Programa Cidadãos Ativ@s em destaque na SIC Notícias
Entre 2018 e 2024, a Fundação Calouste Gulbenkian e a Fundação Bissaya Barreto, através dos EEA Grants, investiram 11.3 milhões de euros no Programa Cidadãos Ativ@s. Este programa envolveu mais de 65.000 beneficiários e mais de 250 ONG, influenciando mais de 10 políticas públicas e leis.
Três desses resultados, que permitiram melhores leis, aparecem bem ilustrados numa reportagem da SIC Notícias do dia 7 de março 2025, especificamente através de projetos promovidos pela Associação Acreditar, pela REDE de Jovens para a Igualdade e pelo Lisbon Institute of Global Mental Health.
O projeto “Capacitar para Acreditar”, promovido pela Acreditar – Associação de Pais e Amigos das Crianças com Cancro, defendeu o alargamento do período de luto parental de cinco para vinte dias, resultando na alteração do artigo 251.º do Código do Trabalho.
O projeto “Faz Delete”, da REDE de Jovens para a Igualdade, focou-se na criação de legislação para combater a violência sexual baseada em imagens (VSBI). Realizou um estudo sobre a prevalência da VSBI em jovens de 18 a 25 anos, resultando na aprovação da Lei n.º 26/2023, que reforça a proteção das vítimas de crimes de disseminação não consensual de conteúdos íntimos.
O projeto “Mh Rights”, promovido pelo Lisbon Institute of Global Mental Health, contribuiu para a implementação de políticas e legislação de saúde mental em Portugal, resultando na publicação do Decreto-Lei n.º 113/2021, que estabelece os princípios e regras dos serviços de saúde mental.

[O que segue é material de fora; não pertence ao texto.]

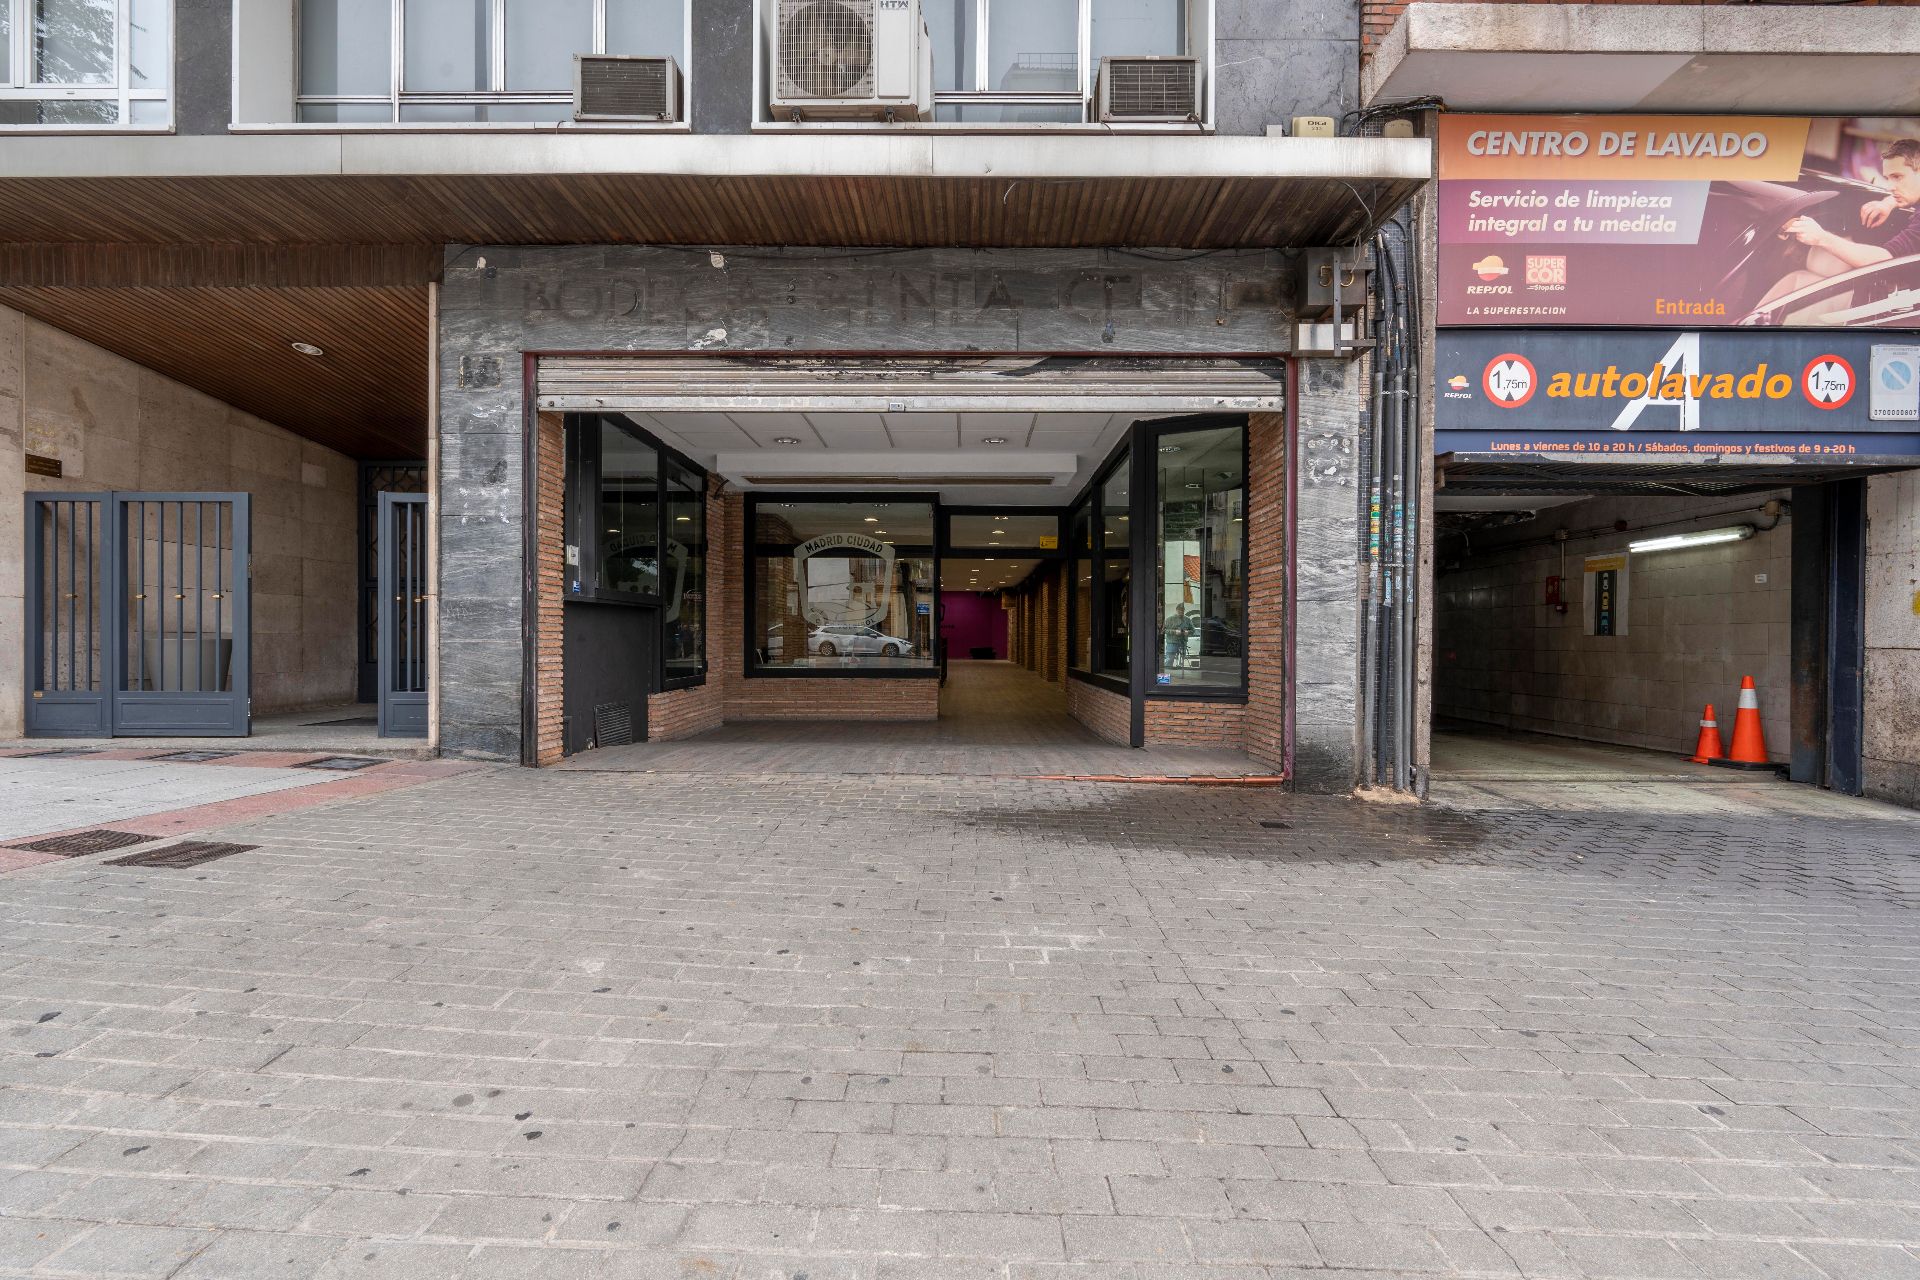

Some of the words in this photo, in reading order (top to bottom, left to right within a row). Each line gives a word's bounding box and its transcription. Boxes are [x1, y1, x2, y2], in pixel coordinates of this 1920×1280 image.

[880, 0, 908, 8] HTW
[1467, 131, 1589, 156] CENTRO
[1598, 131, 1637, 156] DE
[1645, 132, 1768, 157] LAVADO
[1468, 190, 1549, 209] Servicio
[1554, 190, 1581, 208] de
[1586, 190, 1673, 212] limpieza
[1468, 214, 1548, 236] integral
[1553, 219, 1567, 232] a
[1573, 216, 1594, 232] tu
[1599, 214, 1677, 233] medida
[1527, 258, 1565, 268] SUPER
[1527, 269, 1565, 283] COR
[1466, 286, 1513, 294] REPSOL
[1466, 307, 1480, 315] LA
[1483, 307, 1567, 315] SUPERESTACION
[1655, 298, 1726, 315] Entrada
[1492, 370, 1528, 390] 1,75m
[1546, 363, 1794, 400] autolavado
[1811, 371, 1846, 392] 1,75m
[1491, 442, 1521, 451] Lunes
[1533, 442, 1570, 451] viernes
[1573, 442, 1585, 451] de
[1588, 442, 1601, 451] 10
[1612, 442, 1626, 451] 20
[1628, 442, 1635, 451] h
[1645, 442, 1691, 453] Sábados,
[1693, 443, 1742, 454] domingos
[1745, 445, 1752, 454] y
[1754, 443, 1796, 453] festivos
[1798, 444, 1811, 453] de
[1814, 444, 1821, 453] 9
[1832, 444, 1845, 453] 20
[1848, 444, 1855, 453] h
[805, 536, 843, 554] MADRID
[846, 535, 883, 553] CIUDAD
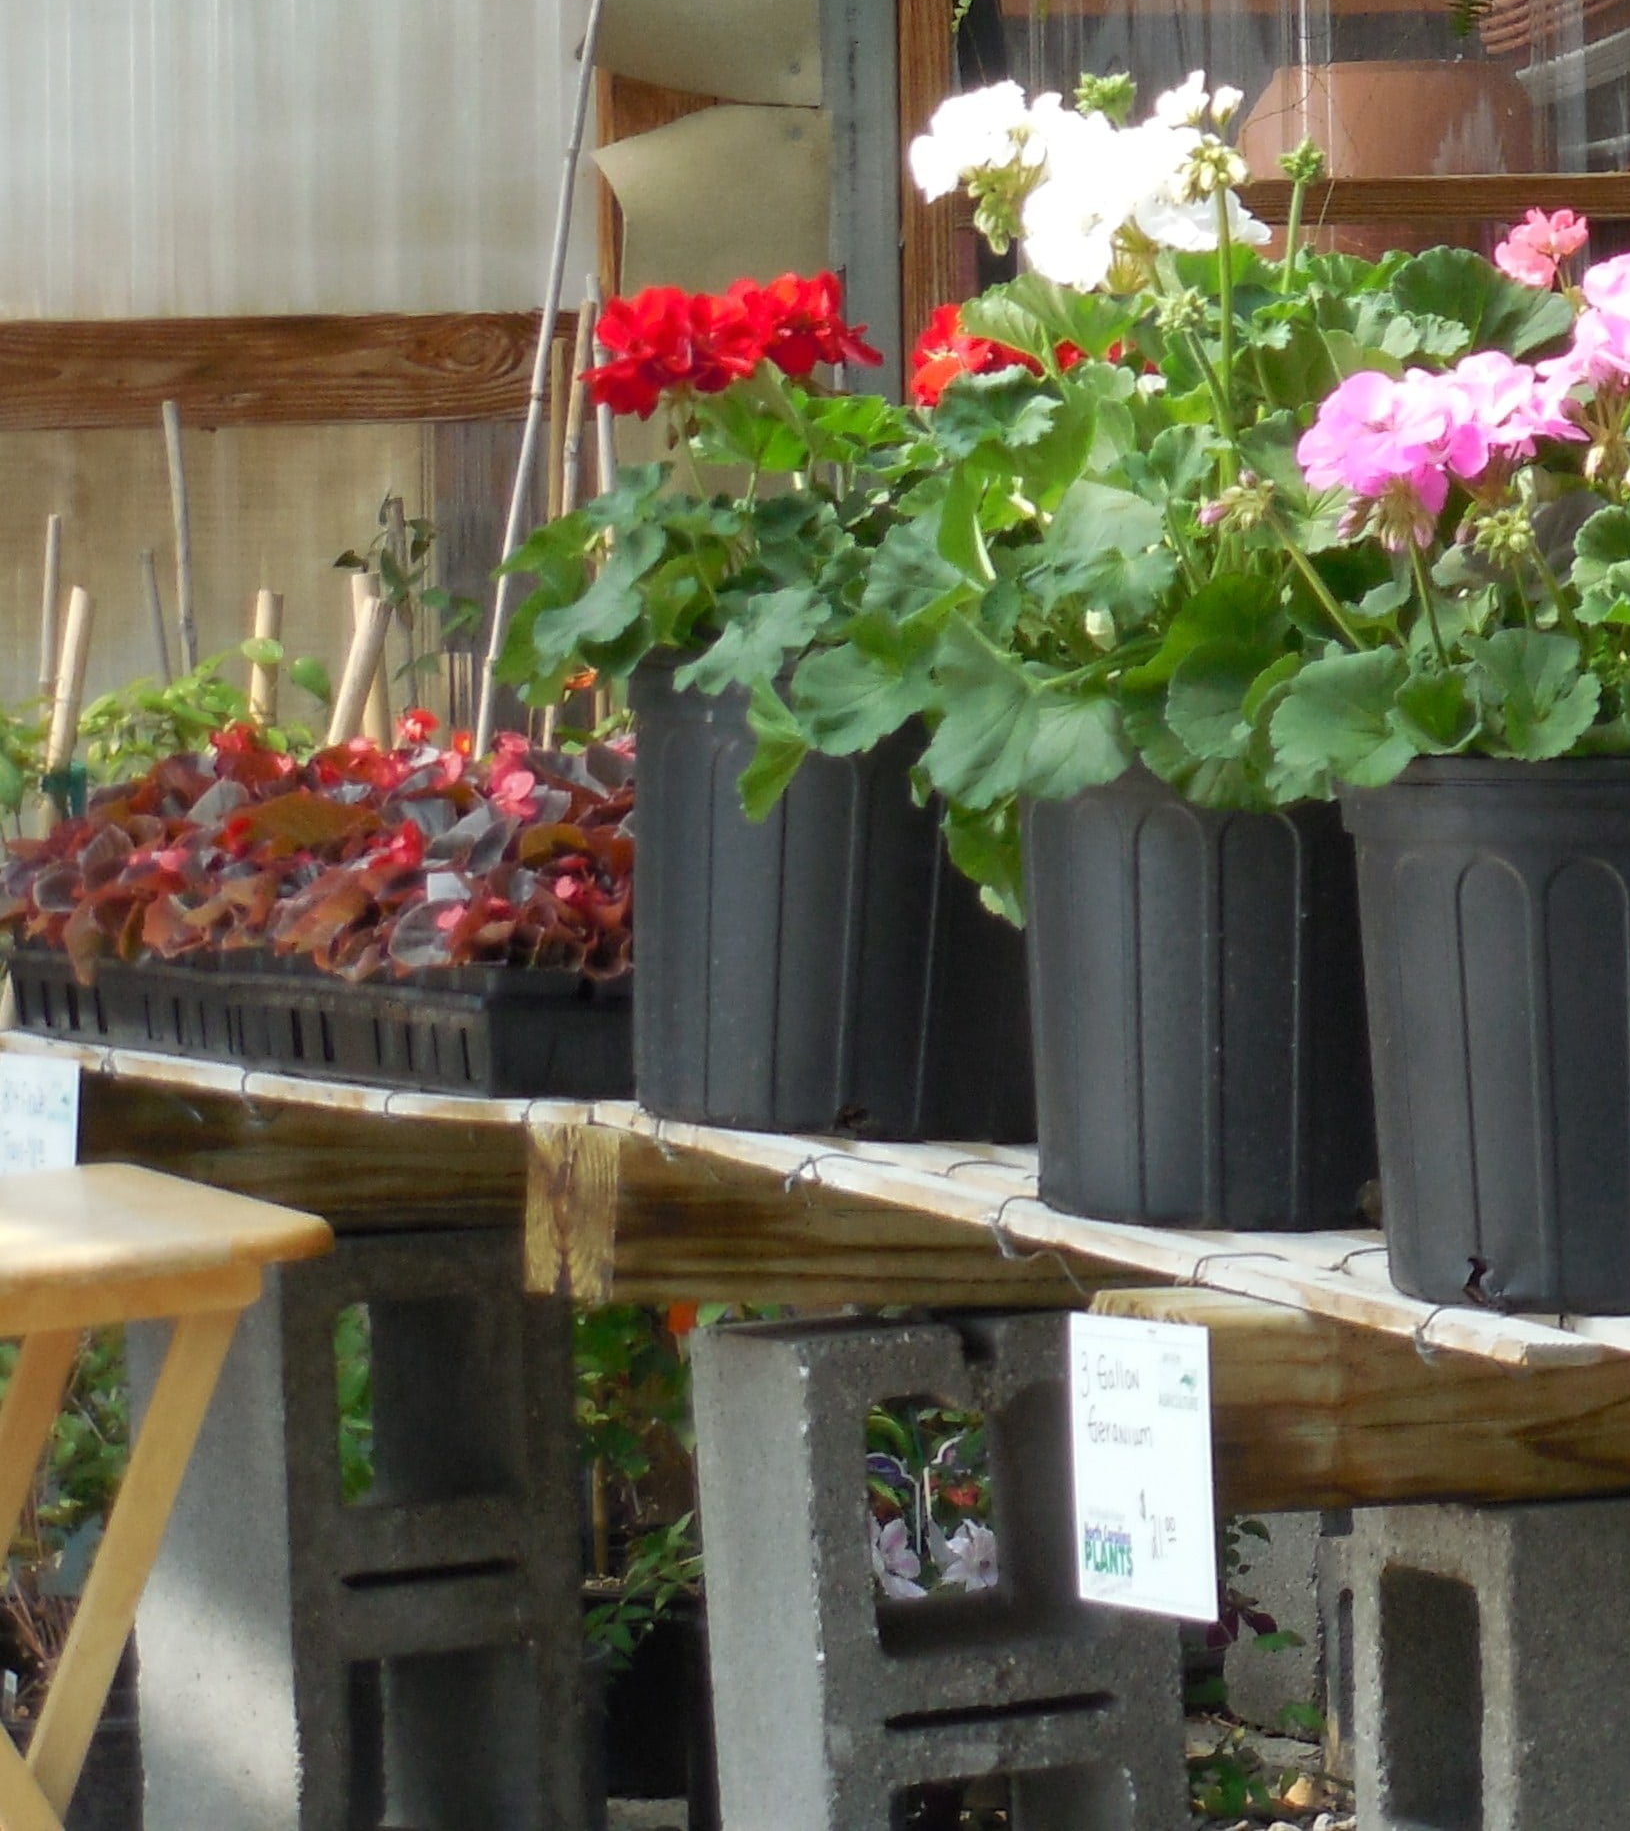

Num momento em que a confiança dos portugueses no funcionamento da nossa democracia está em mínimos históricos, importa socorrermo-nos de dados, mas, sobretudo, relembrarmos o que nos diz o estudo mais recente da OCDE para a realidade portuguesa. Mais do que o estatuto socioeconómico, qualificações ou mesmo rendimentos, a principal determinante da confiança é a percepção de que a voz de cada cidadão é ouvida.
Assim, os resultados destes projetos revelam a importância de os cidadãos poderem ser ouvidos e influenciarem leis que os afetam diretamente, não apenas para garantir que as políticas públicas respondam às reais necessidades da população, mas também para fortalecer a confiança na democracia, esta nossa forma de organização coletiva que a todos deve acolher e unir.